5.2 Abstraction of computer systems and hardware
The success of map-reduce and other high-level abstractions for a particular type of computing platform (in this case, a computing cluster) suggests that other platforms may have similar abstractions. For example, there is currently a lot of interest in serverless computing, where data is only kept in a file system and the computation is done by renting one or more servers for a short period of time.
On a smaller scale, dedicated hardware is a growing trend and is likely to play an increasingly important role in accelerating the execution of important algorithms on large-scale data. You may have heard of Graphics Processing Units (GPUs) and Field Programmable Gate Arrays (FPGAs). Plasticine, another chip designed to support high communication bandwidth and parallelism, may be available soon. Having high-level abstractions that match these architectures will work because algorithms written using these abstractions can be compiled into efficient implementations using one or more chip types.
5.3 Abstract Taxonomy
Over the years, powerful abstractions related to programming language processing have been invented, helping to transform the field of compiler design from an art to a science. But the final paper has not been written yet. It would be of great benefit to expand the basic taxonomy we abstracted in Section 1.2 to cover more programming languages ​​and compiler fields, and even more computer science fields. Abstractions related to continuously running systems such as operating systems, networks, and the Internet are naturally included.

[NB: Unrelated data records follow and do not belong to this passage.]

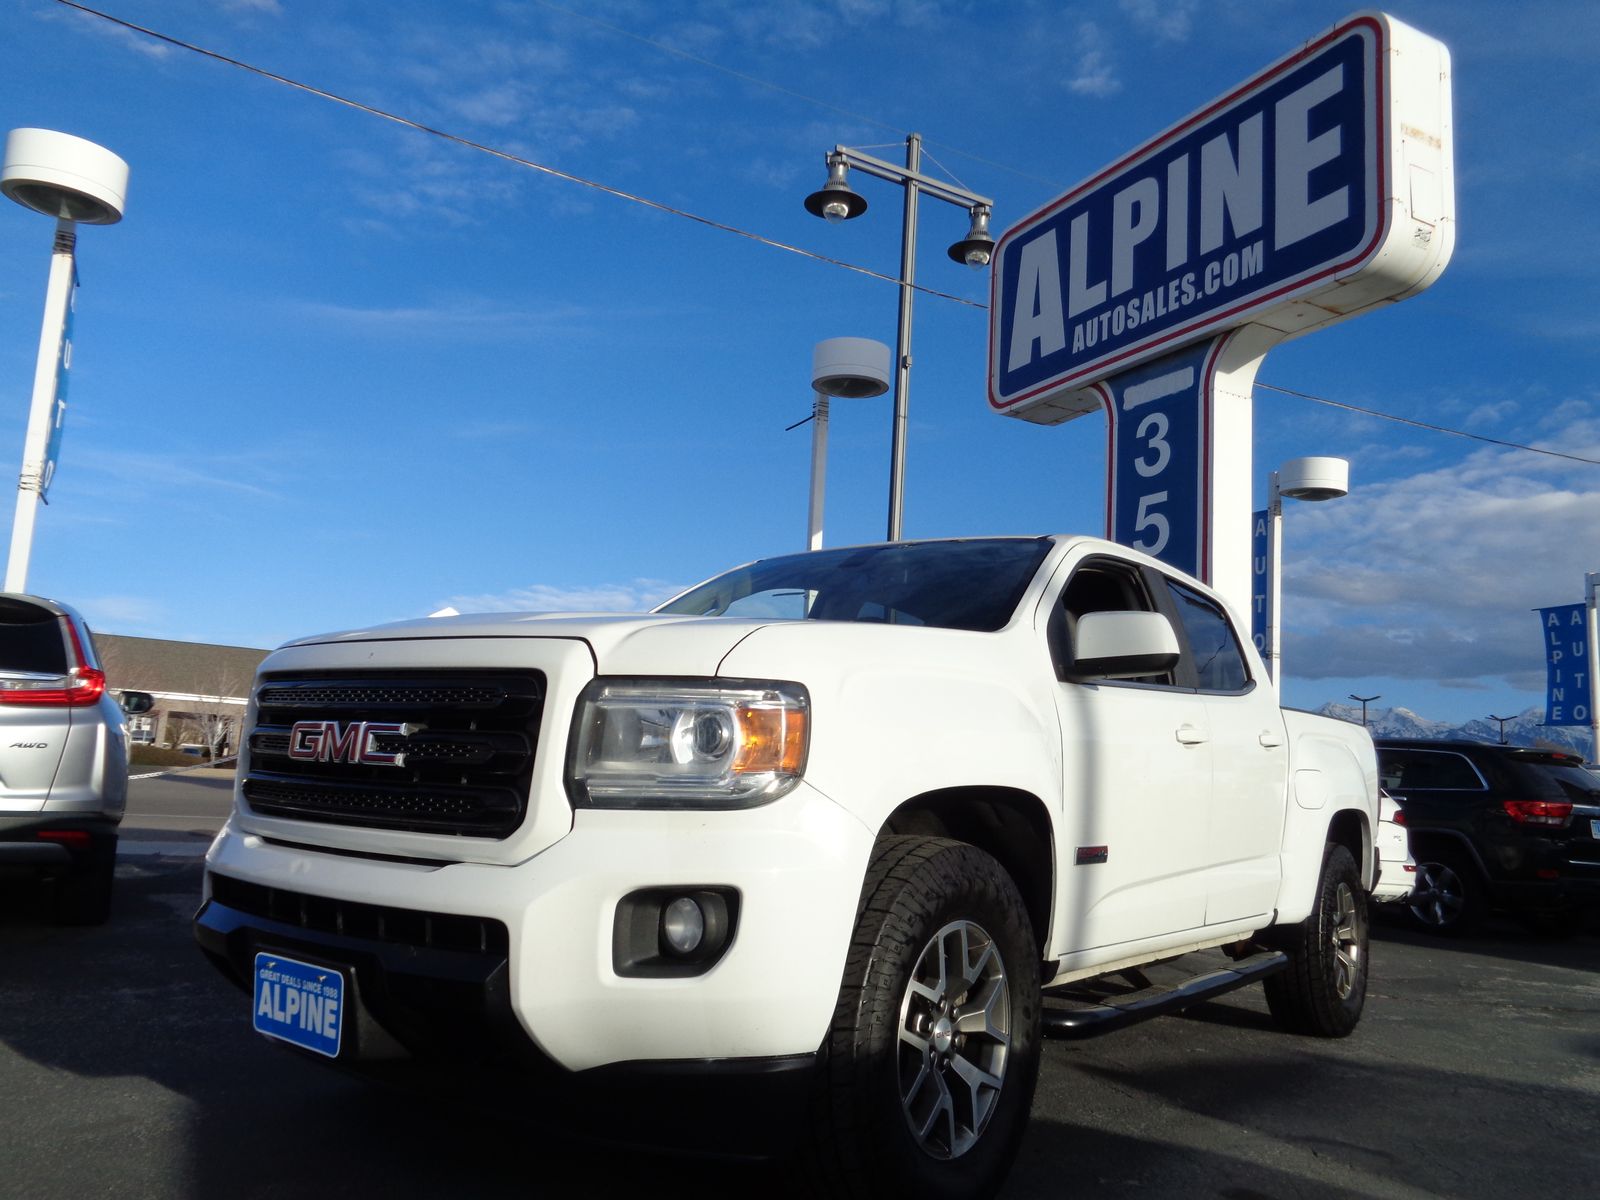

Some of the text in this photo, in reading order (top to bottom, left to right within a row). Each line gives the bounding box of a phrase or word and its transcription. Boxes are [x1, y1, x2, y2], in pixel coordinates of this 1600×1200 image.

[1008, 63, 1349, 373] ALPINE
[1072, 240, 1264, 355] AUTOSALES.COM
[1253, 518, 1267, 651] AUTO
[1548, 613, 1565, 720] ALPINE
[1571, 610, 1587, 720] AUTO
[288, 721, 408, 767] GMC
[258, 981, 338, 1040] ALPINE
[260, 968, 281, 983] GREAT
[281, 974, 302, 989] DEALS
[302, 979, 322, 994] SINCE
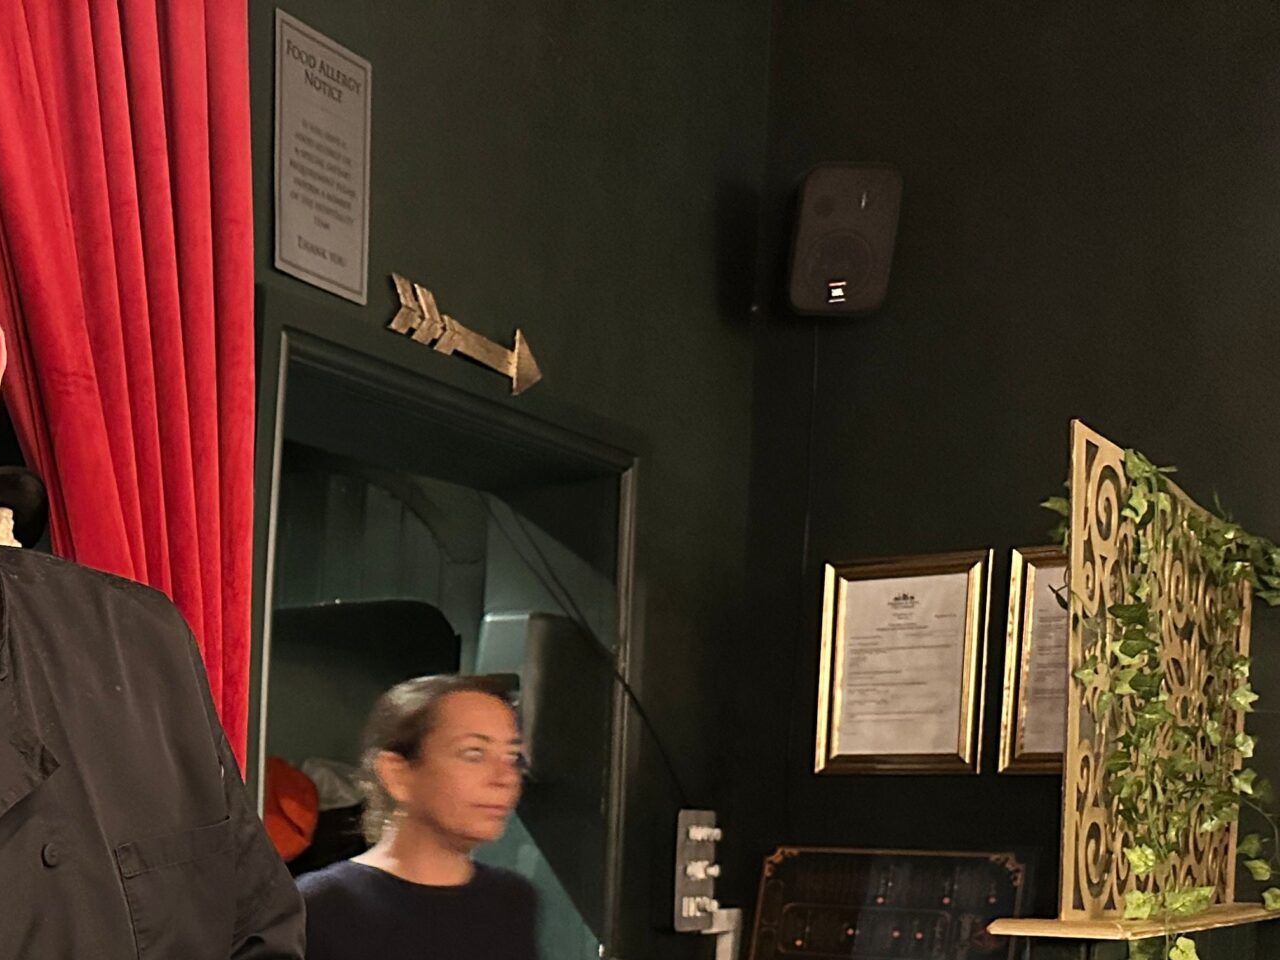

In addition, we hope that through the lectures organized in the data structure course, you will realize that the power of taxonomy is much more than that. We prefer to study what makes one abstraction more useful than another. For example, we mentioned in Section 3.1 how relational models naturally become declarative abstractions, while previous database models were not suitable for languages ​​such as SQL, which set the stage for the emergence of higher-order programming. Similarly, regular expressions seem to be very suitable for describing programming language tokens and other interesting sets of strings, while equivalent notations such as Chomsky’s type-3 grammar (a special case of CFG) are used in applications such as syntactic analysis Never found much use. It might be natural to ask, “Why is this happening?”
An interesting new area is the use of machine learning to create software applications that use data rather than source programs written in some programming language. In a sense, machine learning is a way of creating software that doesn’t involve traditional compilation. An abstraction that can guide the effective creation of powerful applications using machine learning would greatly benefit.